El lugar más feliz de la tierra- Relato
Desde México, Carlos René Padilla nos invita a imagina el lugar más feliz de la tierra… o no.
El lugar más feliz de la tierra
Acostado en la tierra árida, el agente siente que puede tocar al hombre que camina a través de la mira telescópica de su rifle Marlin 925. Un ruido desde su Bronco con los logotipos U.S. Border Patrol lo distrajo apenas un instante. Volvió a concentrarse en la figura del indocumentado proveniente de Puerto Palomas, uno de los cruces para quienes evitan Ciudad Juárez, e imagina sentirse más cerca del sueño americano. El individuo, con barba dispareja, sombrero de paja roído, un paliacate rojo en el cuello y dos galones de agua —caliente— en cada mano, piensa que el desierto frente a él es su único enemigo. El agente migratorio acarició el gatillo suavemente con el dedo índice. La detonación, magnificada entre los riscos, le impidió oír cómo las llantas del carro sucumbían al freno mal puesto. El uniformado primero sintió la llanta trasera que aplastaba su espalda, luego la delantera, que terminaba por quebrarle la columna. El auto continuó cinco metros hasta chocar contra un montículo de rocas con un sonido seco y una nube espesa de polvo. El grito retumbó entre las paredes de piedra, pero sin el eco de la detonación. El dolor entró como picana eléctrica en la parte media de su cuerpo. El alarido puso en alerta a una lagartija color gris pálido que volteó a ambos lados mientras sacaba su lengua bífida. Emprendió la carrera dejando marcas de su cola y sus pequeñas patas en la tierra, que un viento suave borró después. El hombre sintió que todo se cristalizó de repente, antes de perder el conocimiento.
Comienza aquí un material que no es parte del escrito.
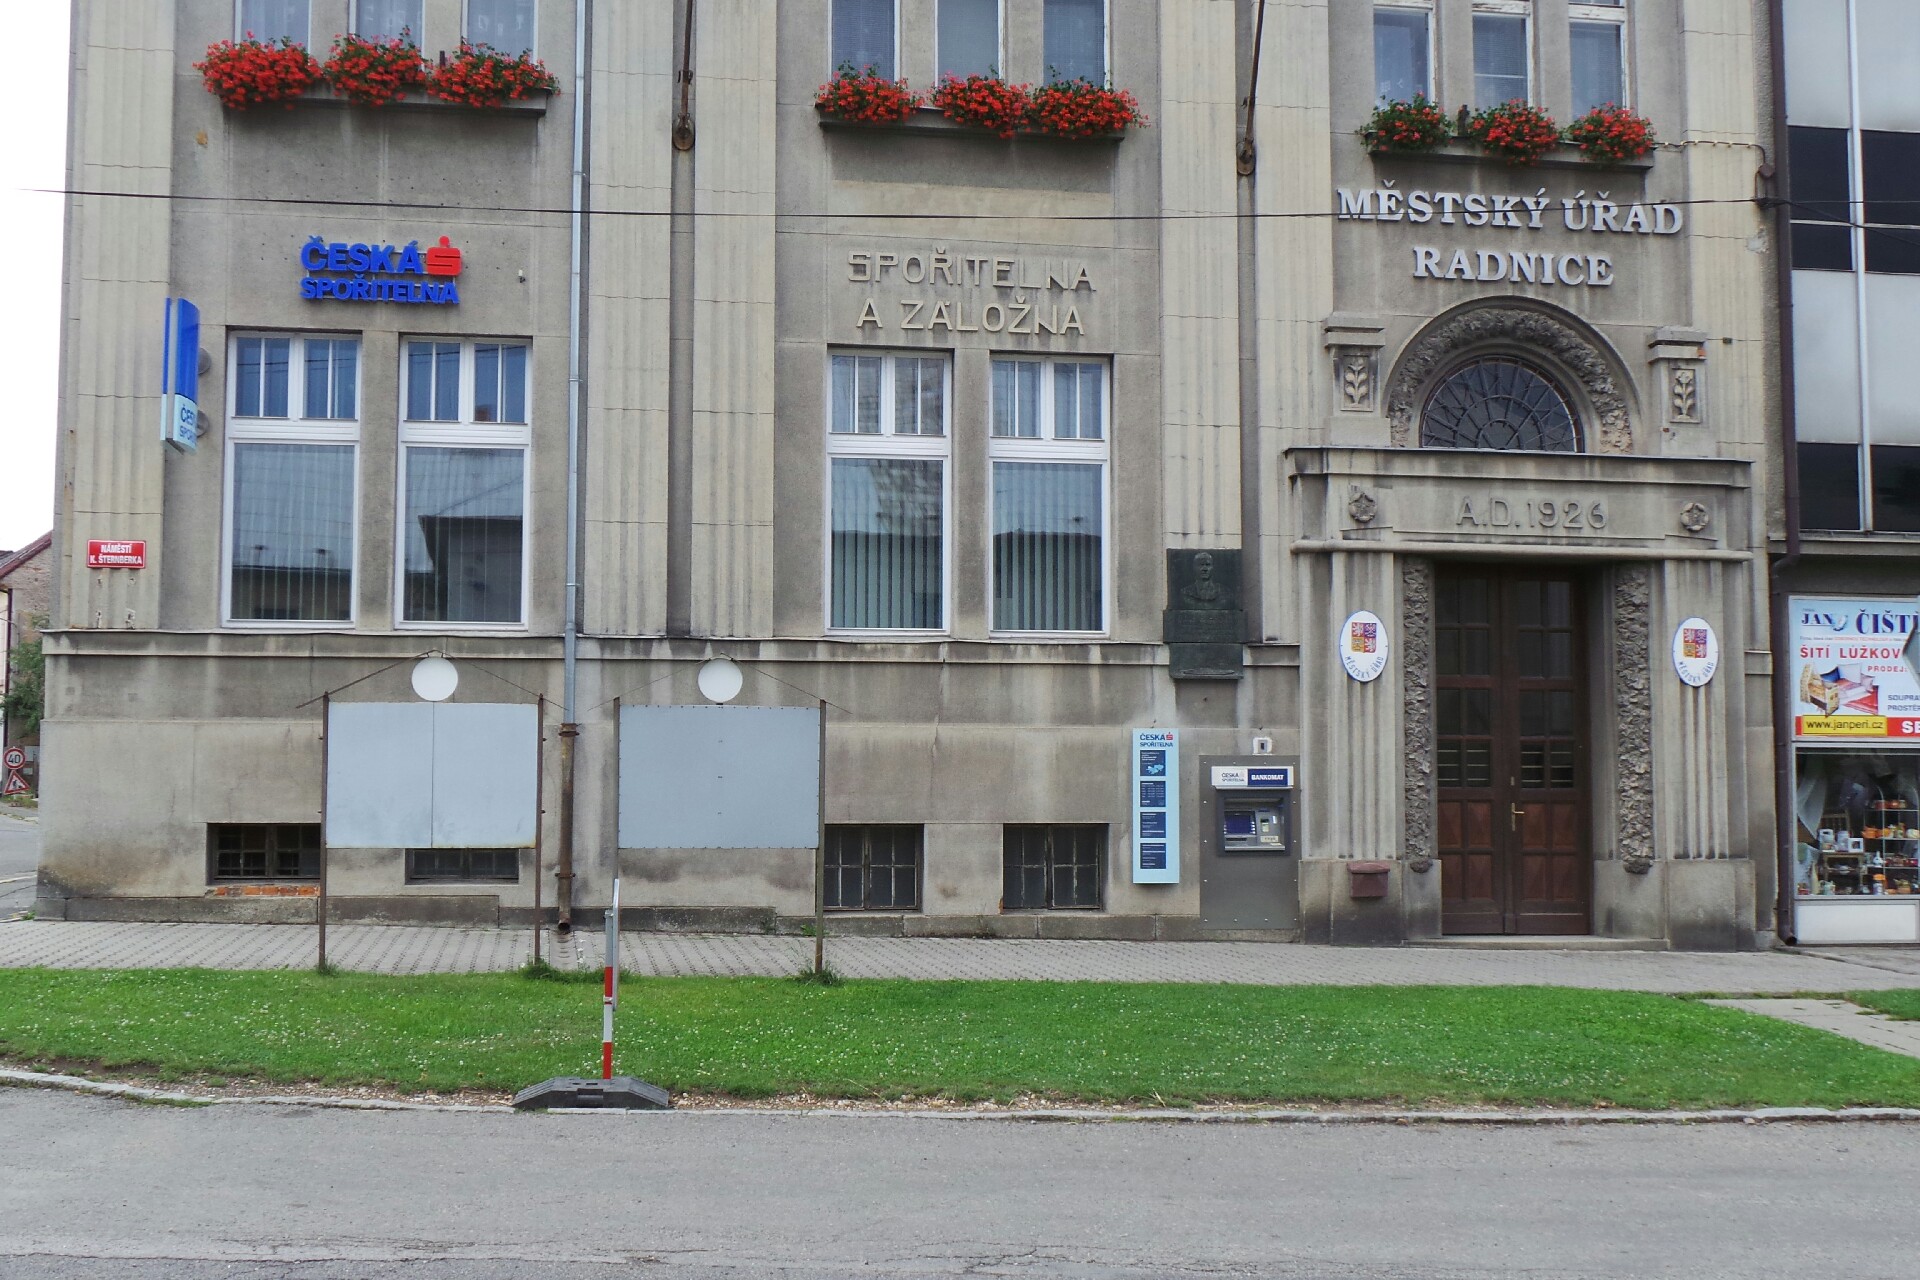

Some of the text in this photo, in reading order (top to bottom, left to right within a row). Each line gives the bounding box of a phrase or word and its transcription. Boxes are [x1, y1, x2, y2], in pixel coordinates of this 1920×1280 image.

El haz solar salió poco a poco de su funda. Los destellos atravesaron sin compasión las biznagas con flores secas en su parte superior. Las nubes se colorearon intensamente de naranja y amarillo, efecto que duró unos segundos antes de que amaneciera totalmente en el desierto de Texas. El hombre abrió los ojos e intentó incorporarse, pero sólo le respondían las manos y los brazos. Las piernas eran dos extremidades inertes ajenas a las órdenes del cerebro. Apoyó el codo izquierdo, hizo un esfuerzo y rodó hasta quedar boca arriba. El malestar se centró en la parte media de su cuerpo. Buscó a tientas el celular en uno de los bolsillos del pantalón. No lo localizó. Recordó que lo había dejado sobre el asiento del copiloto del auto después de ver el fondo de pantalla donde aparecía su hija Charlotte. En la imagen, la pequeña de cinco años sostenía un muñeco de peluche de Pluto; más que abrazarlo parecía asfixiarlo. Sintió la sobrecarga de dolor que subía lentamente por todo su cuerpo hasta hacer explosión en su cerebro. El grito fue de un animal herido. Entrecerró los párpados e intentó pensar en algo placentero.
***
El oficial se limpió las lágrimas con la manga del uniforme. Soltó un suspiro. Pensó en que pronto serían las vacaciones de verano y en la promesa que le hizo a su esposa e hija de ir los tres a Disneylandia. Lo tenía todo planeado. Ciento veinte dólares por persona y otros treinta más para no hacer fila en las atracciones. Según sus cálculos, serían dos mil quinientos dólares, incluyendo gasolina y comidas. Unas verdaderas vacaciones en donde no pasarían estrechez, sólo lujos. Imaginaba pagando la comida más cara en el hotel. Lo que quieran comer la reina y la princesa Charlotte, junto con su mascota Pluto. Y luego apretaría dulcemente la nariz de su hija y ella sonreiría. Mira, Charlotte, dicen que los que construyeron el hotel y todo Disneylandia ocultaron muchos ratoncitos entre la decoración para que los clientes los busquen. ¿Me ayudas a contarlos? Mira, ahí está uno, ahí otro. Cuatro, veinte, treinta grados centígrados.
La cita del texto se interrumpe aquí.